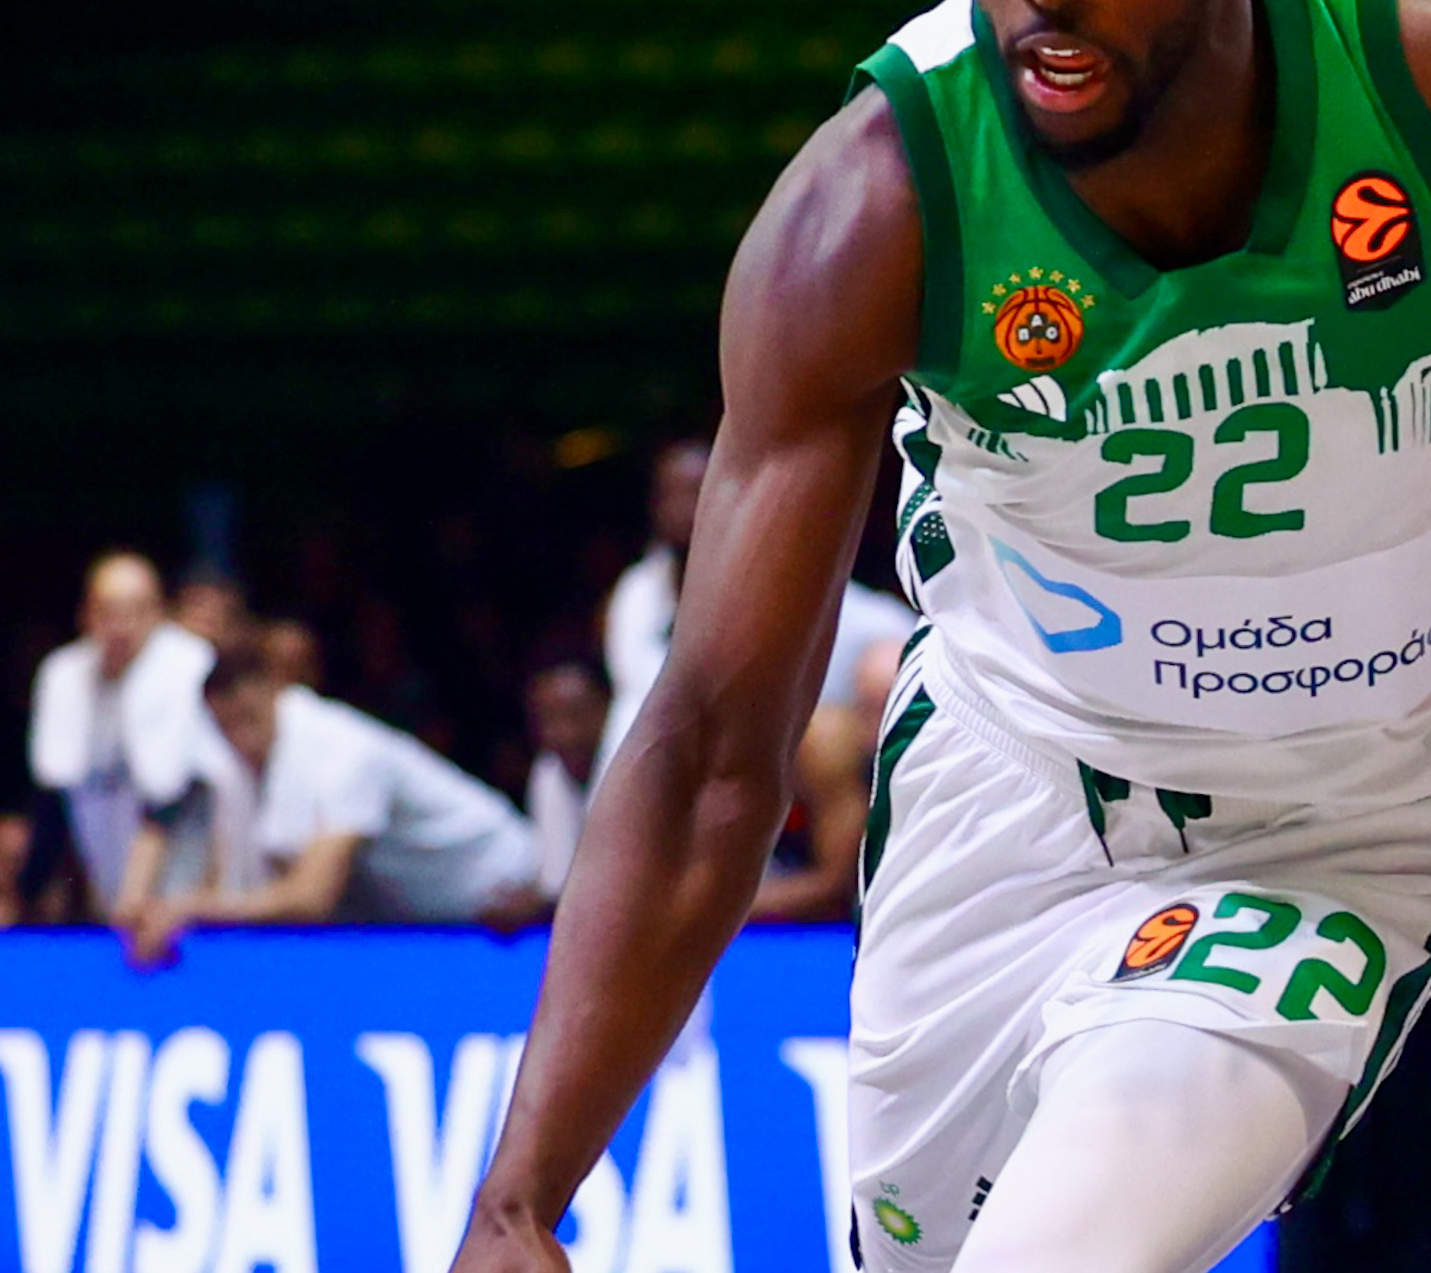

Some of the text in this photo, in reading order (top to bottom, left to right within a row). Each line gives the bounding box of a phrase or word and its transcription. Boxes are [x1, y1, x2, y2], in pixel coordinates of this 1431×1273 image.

[1094, 401, 1311, 543] 22
[1150, 616, 1333, 658] Ομάδα
[1168, 892, 1387, 1021] 22
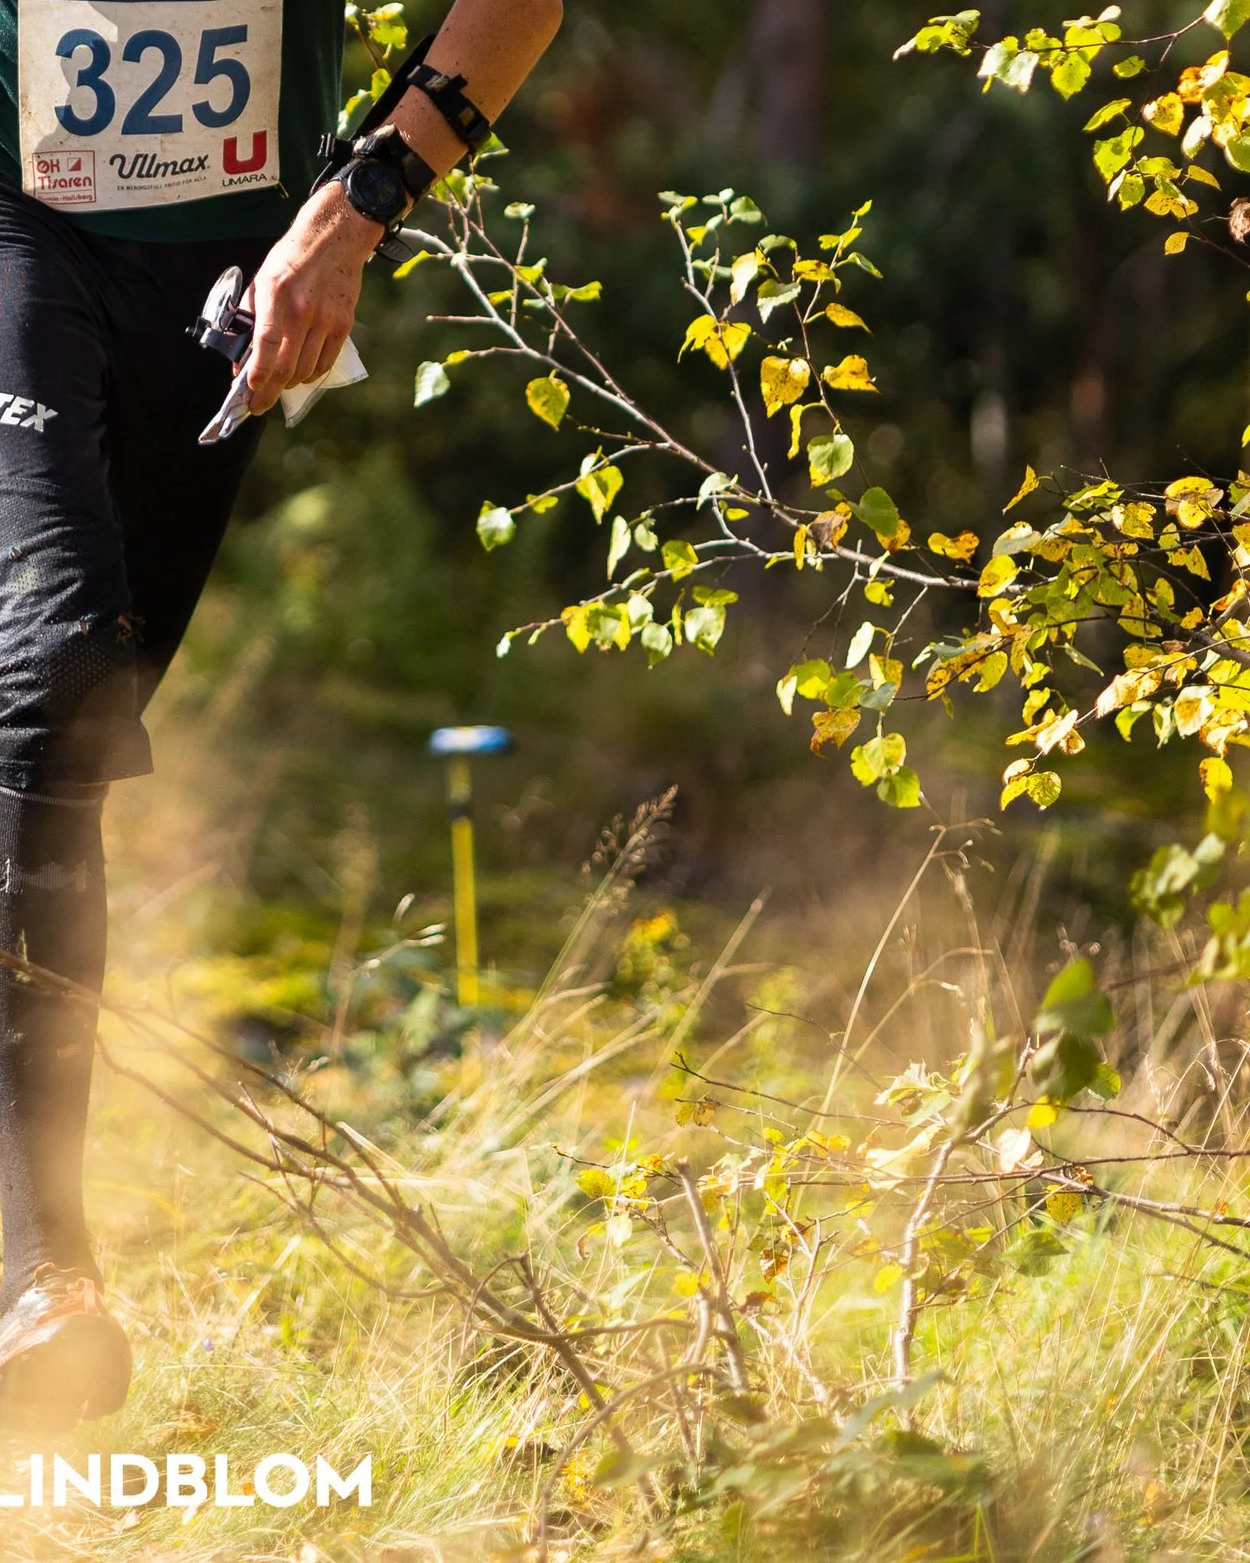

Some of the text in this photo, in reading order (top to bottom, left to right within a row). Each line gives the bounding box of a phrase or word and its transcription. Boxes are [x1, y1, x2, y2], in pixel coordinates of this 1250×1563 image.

[54, 24, 251, 137] 325
[109, 153, 209, 179] Ullmax
[38, 176, 92, 189] Tisaren
[222, 173, 267, 187] UMARA
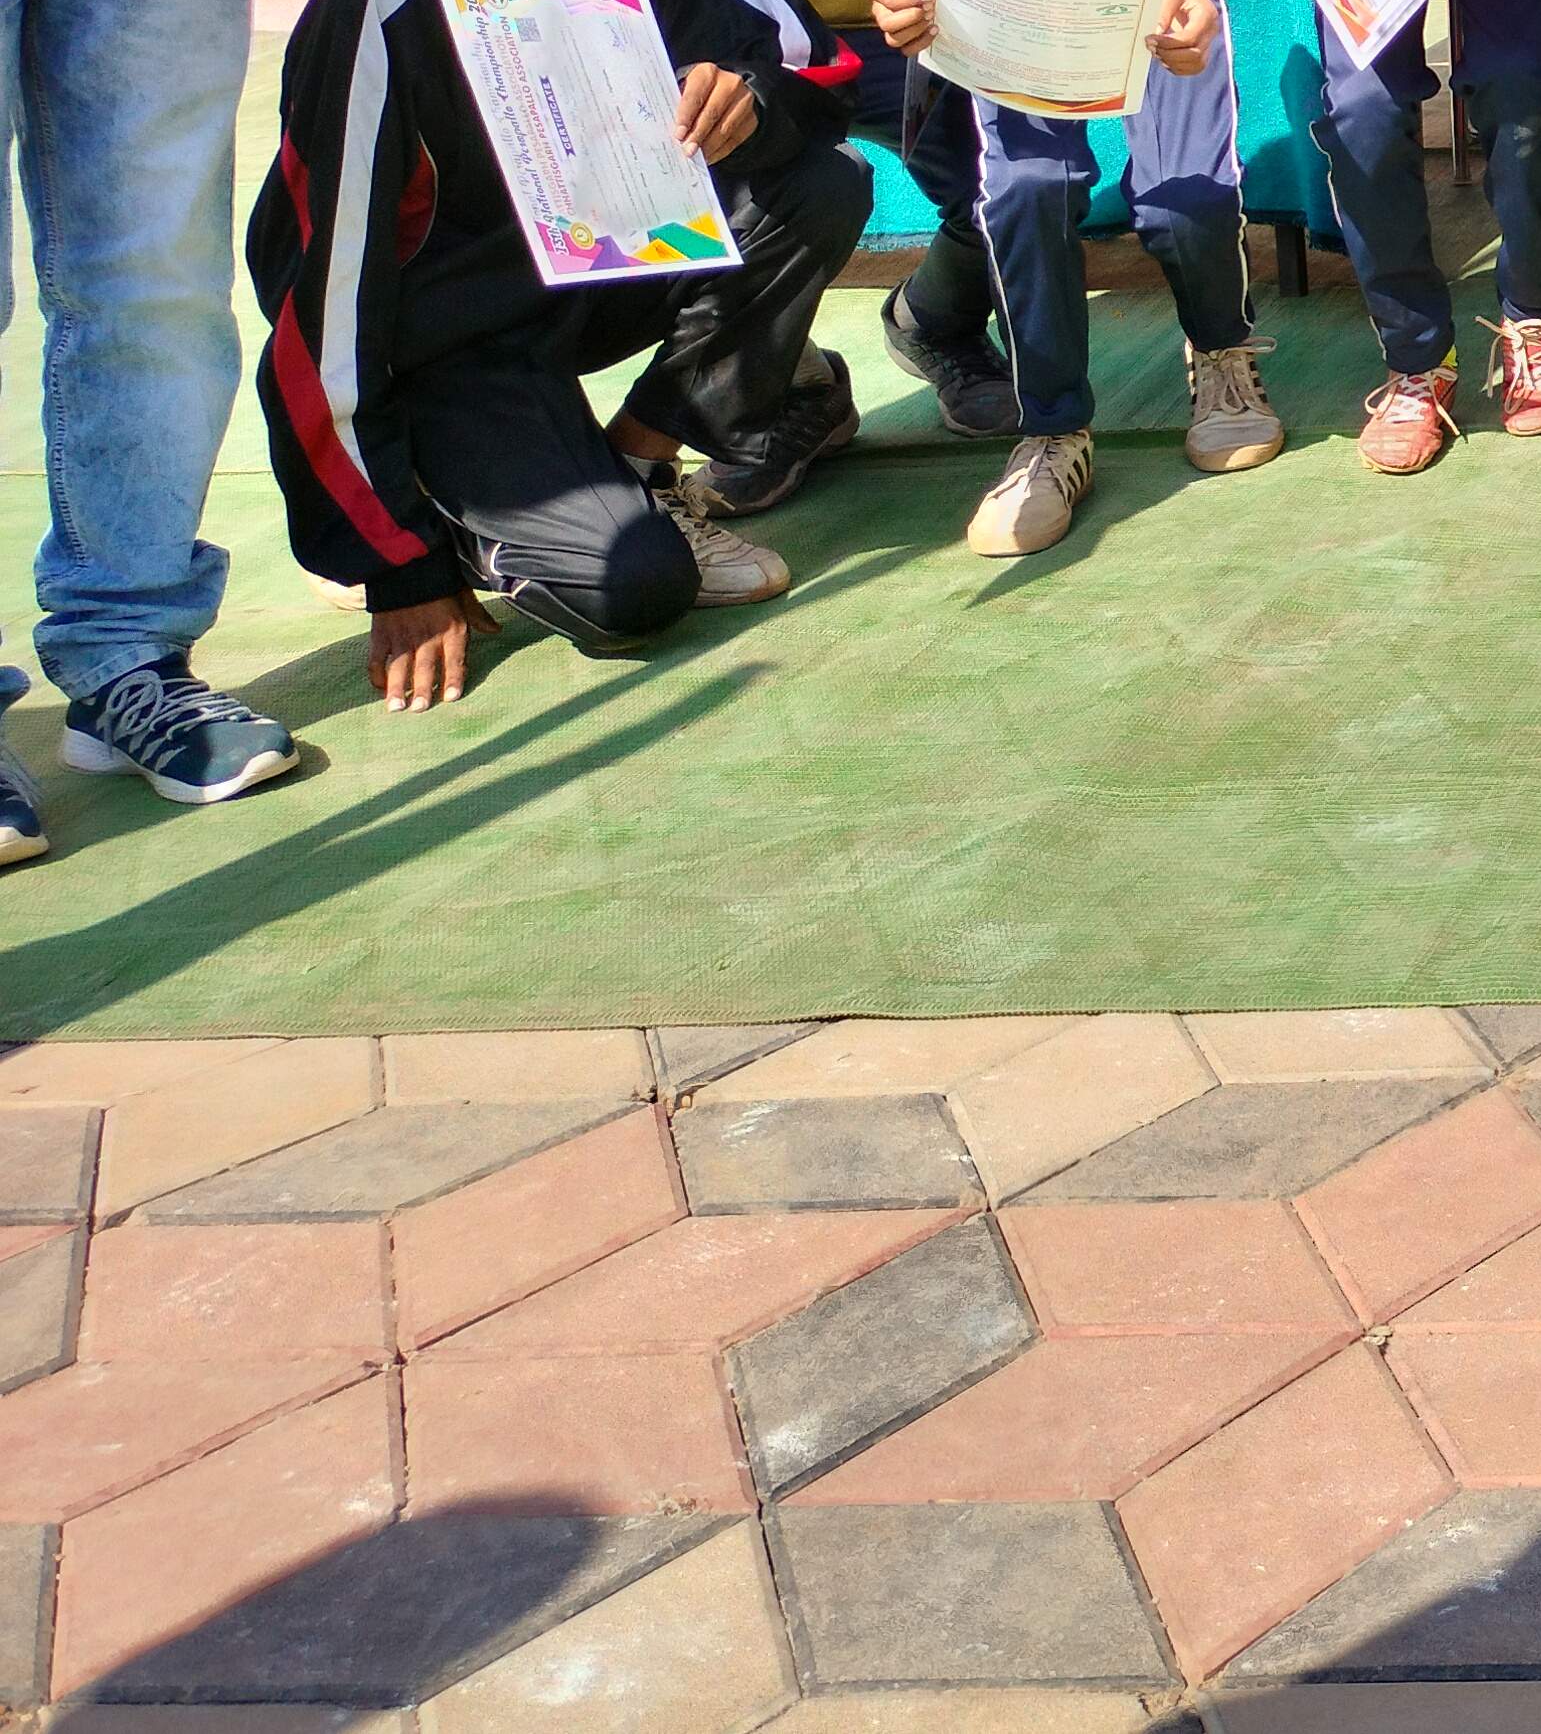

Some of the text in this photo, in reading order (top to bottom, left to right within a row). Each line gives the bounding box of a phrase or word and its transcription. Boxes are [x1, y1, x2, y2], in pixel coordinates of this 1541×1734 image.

[479, 16, 509, 102] Championship
[501, 16, 528, 83] ASSOCIATION
[522, 86, 549, 140] PESAPALLO
[541, 81, 572, 151] CERTIFICATE
[529, 167, 558, 222] National
[546, 219, 569, 256] 13th
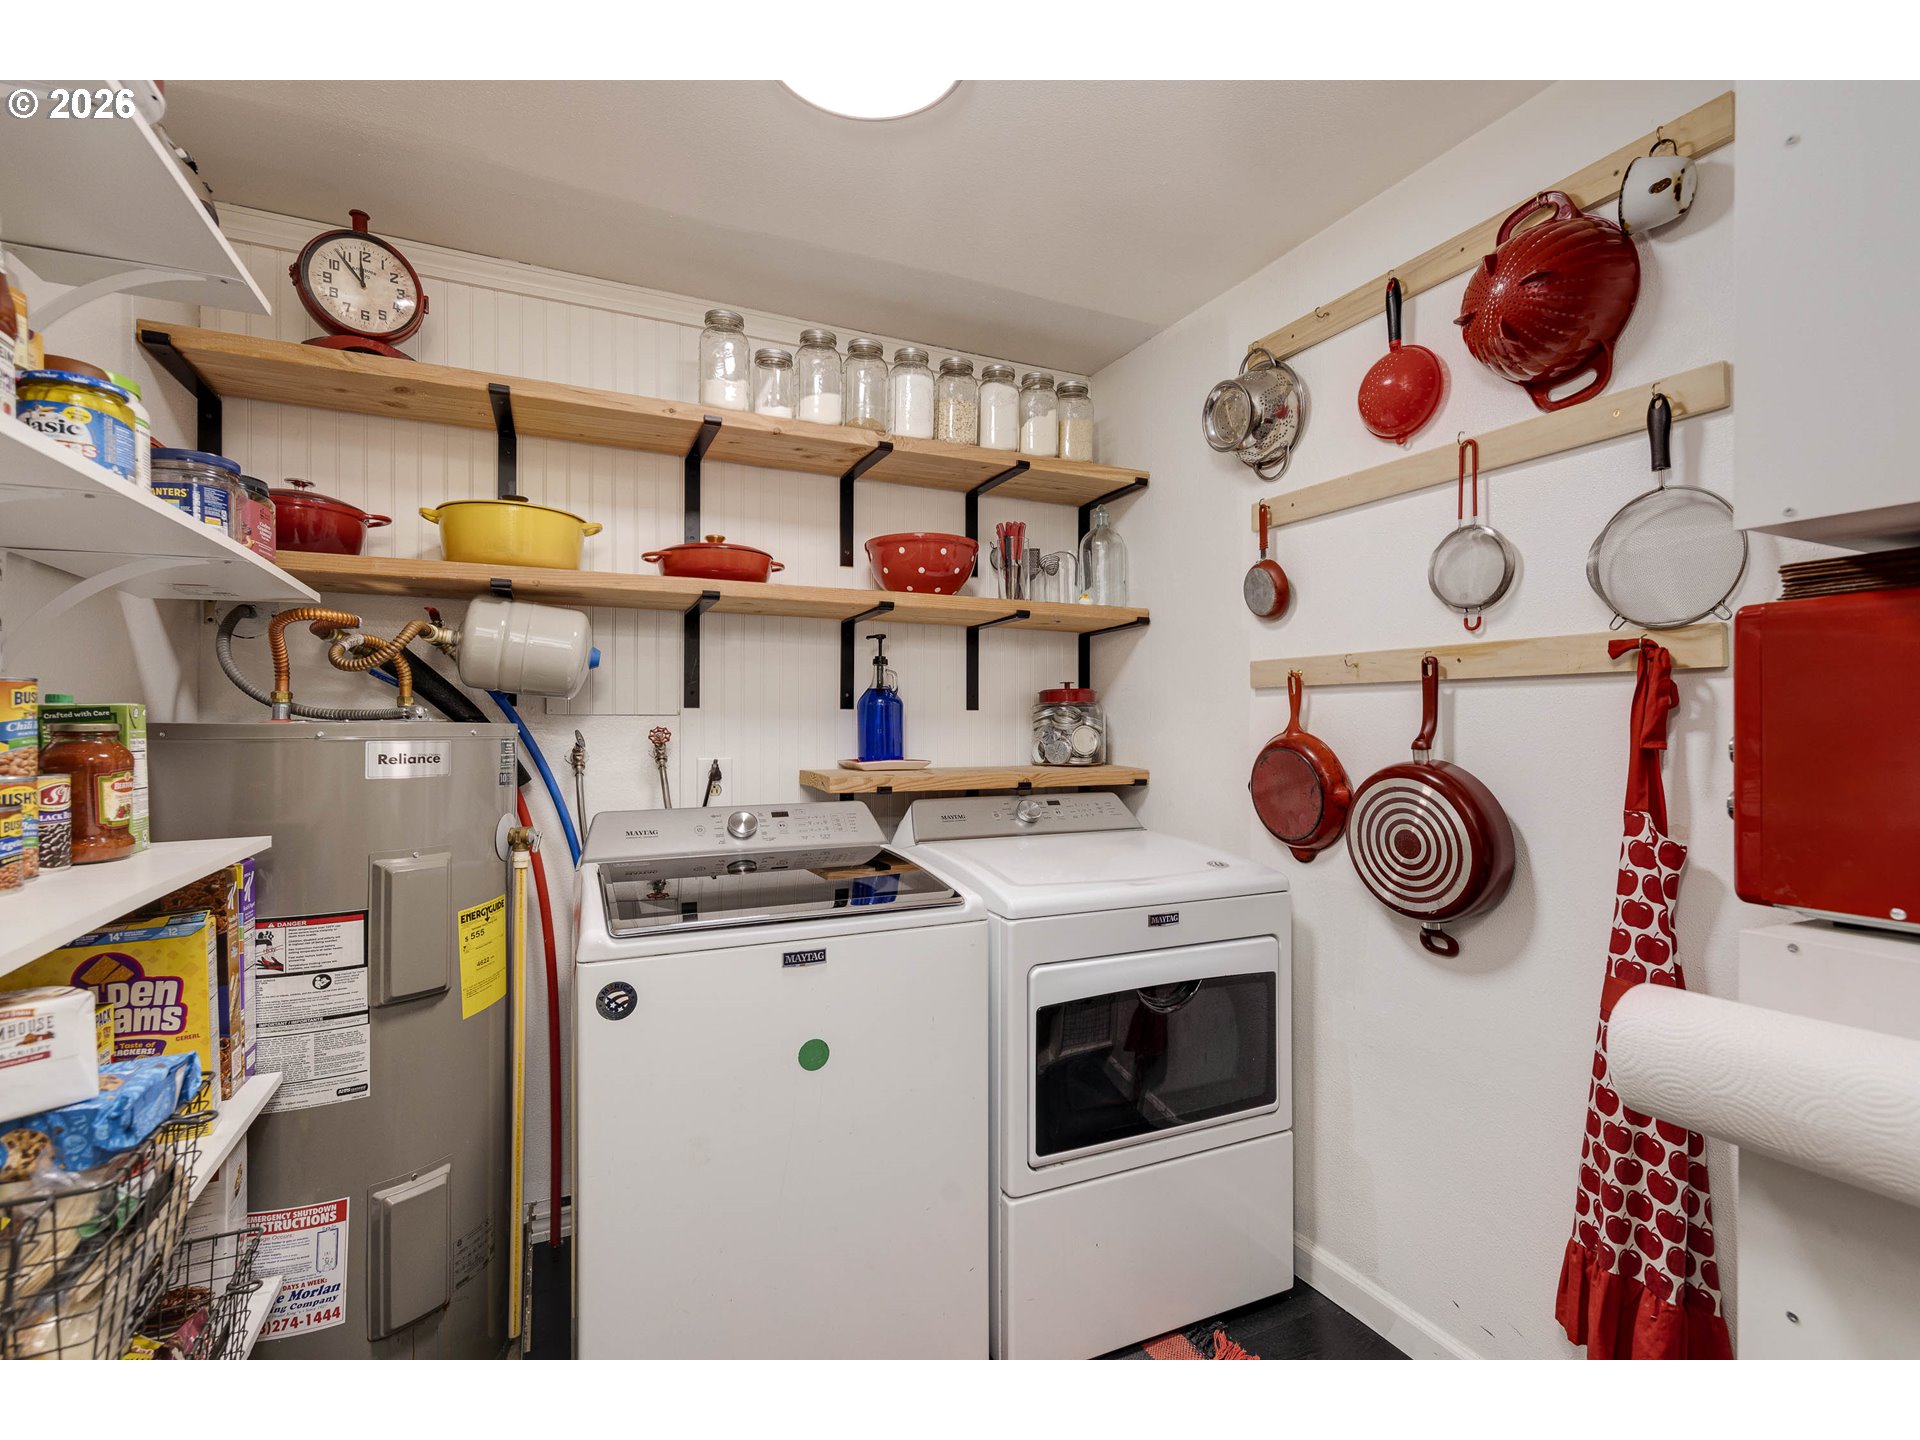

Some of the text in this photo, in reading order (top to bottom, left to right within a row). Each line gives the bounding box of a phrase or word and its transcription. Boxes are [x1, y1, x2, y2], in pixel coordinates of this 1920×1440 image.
━━━━━━━━━━
- What is expected:
All lines from the line with "this 1541×1734 image." through the final line of the data, both included, are to be repeated exactly; no other lines and no pictures.

- Result of this task:
Some of the text in this photo, in reading order (top to bottom, left to right within a row). Each line gives the bounding box of a phrase or word and its transcription. Boxes are [x1, y1, x2, y2], in pixel coordinates of this 1541×1734 image.

[479, 16, 509, 102] Championship
[501, 16, 528, 83] ASSOCIATION
[522, 86, 549, 140] PESAPALLO
[541, 81, 572, 151] CERTIFICATE
[529, 167, 558, 222] National
[546, 219, 569, 256] 13th

Some of the text in this photo, in reading order (top to bottom, left to right within a row). Each line gives the bounding box of a phrase or word and its transcription. Boxes are [x1, y1, x2, y2], in pixel coordinates of this 1920×1440 image.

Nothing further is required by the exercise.